Historically, many unions in the United States supported restrictions on immigration because they feared more open borders would create a large class of workers who could be used to undermine unions. They argued that immigrant workers would be willing to work for less money and fewer benefits, enabling employers to lower their standards.
In the last 15 years, however, unions have changed their position. Organizations such as the AFL-CIO (a national federation of many unions) now believe that legalization presents the best hope for all workers to protect themselves from on-the-job abuses and to organize for union representation without fear of retaliation from management. In January 2013, the AFL-CIO released a summary of several reports listing numerous reasons why American workers would benefit from immigration reform. The summary notes:

The billions of dollars a year in wage theft for both aspiring citizens and native workers will be significantly reduced. 
In New York, Los Angeles and Chicago alone, low-wage workers in immigrant-dense industries lose about $56 million a week in wage theft, according to the study Broken Laws, Unprotected Workers, which notes that the abuses are not limited to aspiring Americans. "The best inoculation against workplace violations [wage theft] is ensuring workers know their rights and have full status under the law to assert them."
Workers' rights—including the right to join a union—will be strengthened.

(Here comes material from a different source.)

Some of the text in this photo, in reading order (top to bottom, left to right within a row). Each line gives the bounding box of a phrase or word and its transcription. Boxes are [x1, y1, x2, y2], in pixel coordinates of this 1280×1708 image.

Today, writes [Ray Marshall, author of the study for Shared Prosperity: A Framework for Comprehensive Reform], unscrupulous employers threaten workers with retaliation, "when workers attempt to organize a union, file wage claims or exercise other workplace rights." Immigration reform with a path to citizenship that guarantees workplace rights for aspiring citizens will lessen the threat of employer retaliation and allow workers to defend their rights.

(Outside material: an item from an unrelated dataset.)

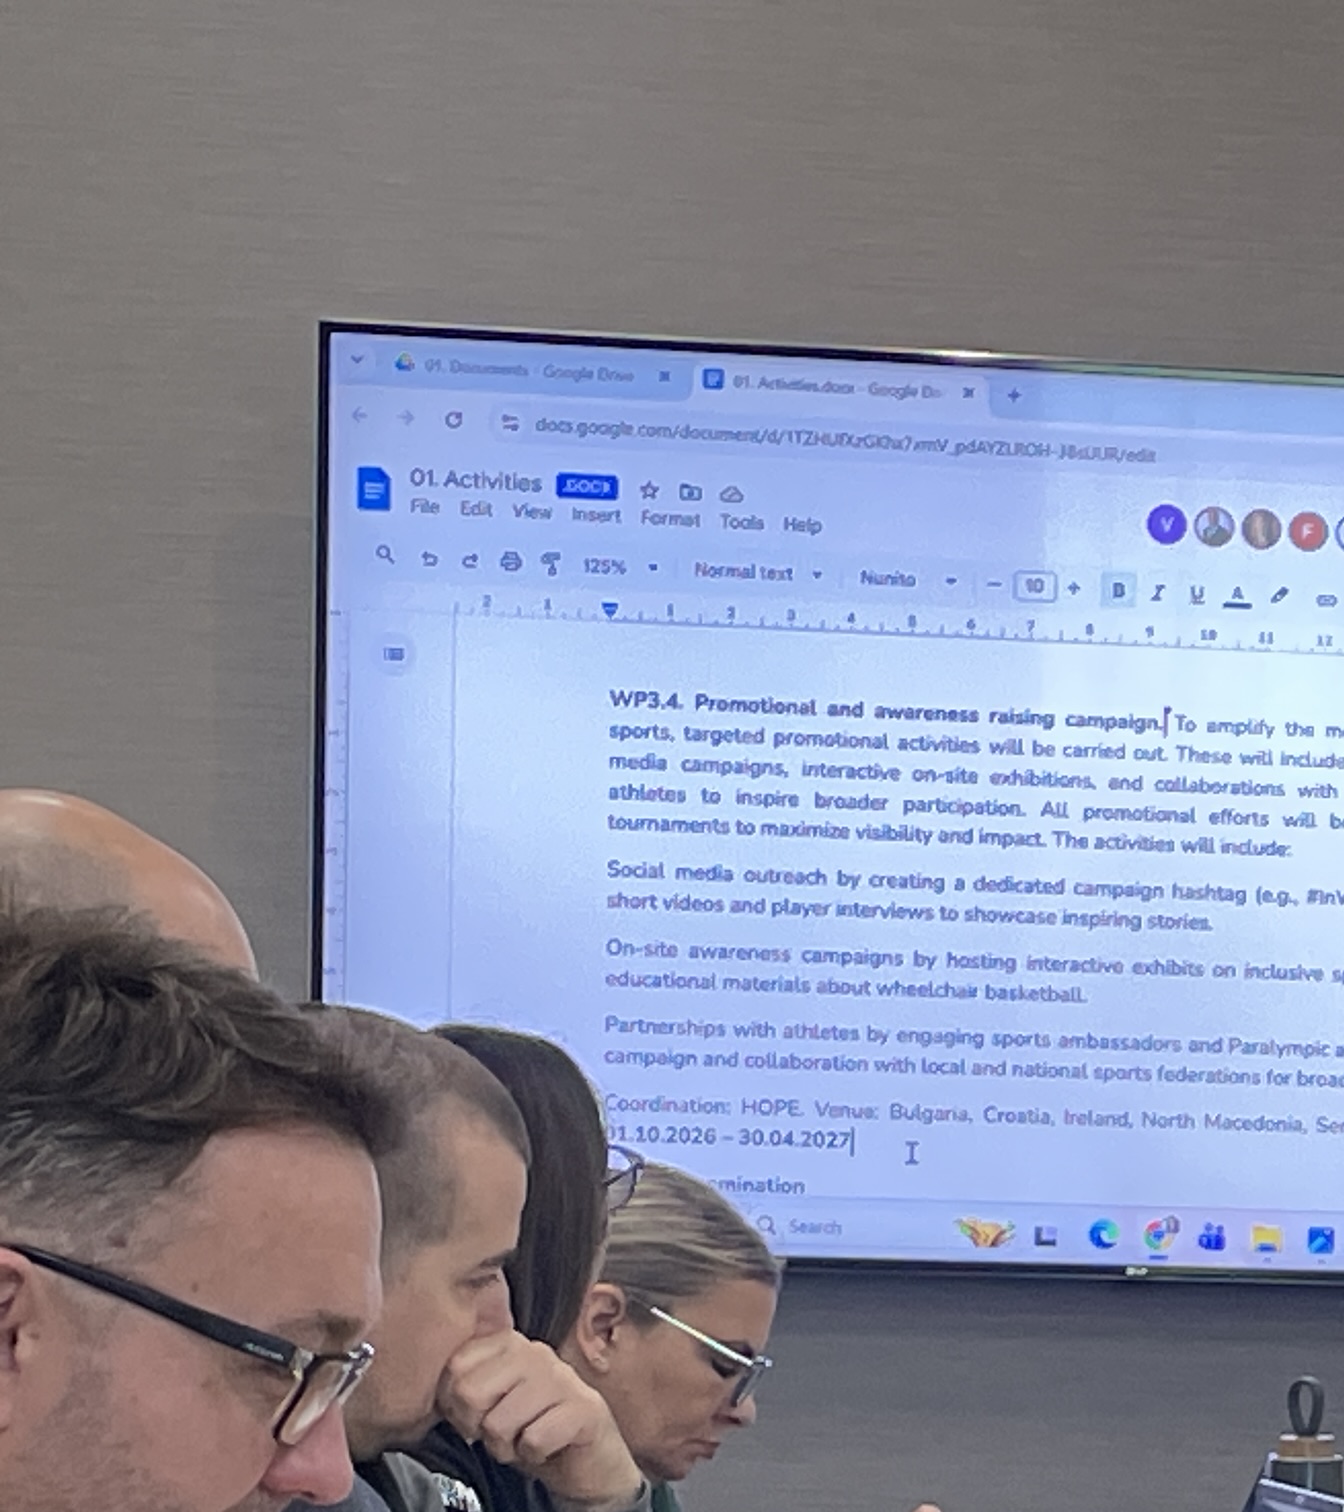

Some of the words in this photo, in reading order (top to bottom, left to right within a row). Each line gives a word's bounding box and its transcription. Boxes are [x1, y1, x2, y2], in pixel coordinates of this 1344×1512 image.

The fact that both economists and unions are lining up to promote the benefits of immigration is adding to the momentum for reform.
Another economic argument against immigration reform centers on the impact immigrants have on federal programs like Social Security and Medicare. Right-wing commentators quoted approvingly comments by Sen. Jeff Sessions (R-Ala.): "Because of how these benefits are structured, low-wage illegal immigrants who are legalized will ultimately receive trillions more in benefits than they contribute to these programs." 

However, much of the evidence runs contrary to this argument. A policy brief by the National Council on Aging notes that "the children and grandchildren of immigrants will further enhance the future ratio of workers to beneficiaries for Social Security and Medicare," improving the health of both programs. 

For Discussion:

  1. Do students have any questions about the reading? How might they be answered?
  2. Why do most economists believe that immigration produces economic benefits?
  3. Why has organized labor changed its position on immigration in recent decades?
  4. According to economist Giovanni Peri, what happens to existing construction workers when new immigrants take over manually intensive construction jobs?
  5. The AFL-CIO argues that legalizing undocumented workers will encourage them to stand up for their rights in the workplace. What do you think? Do you believe that this is the case?
  6. What evidence is there that immigrants drain federal programs such as Medicare and Social Security? What evidence is there to the contrary?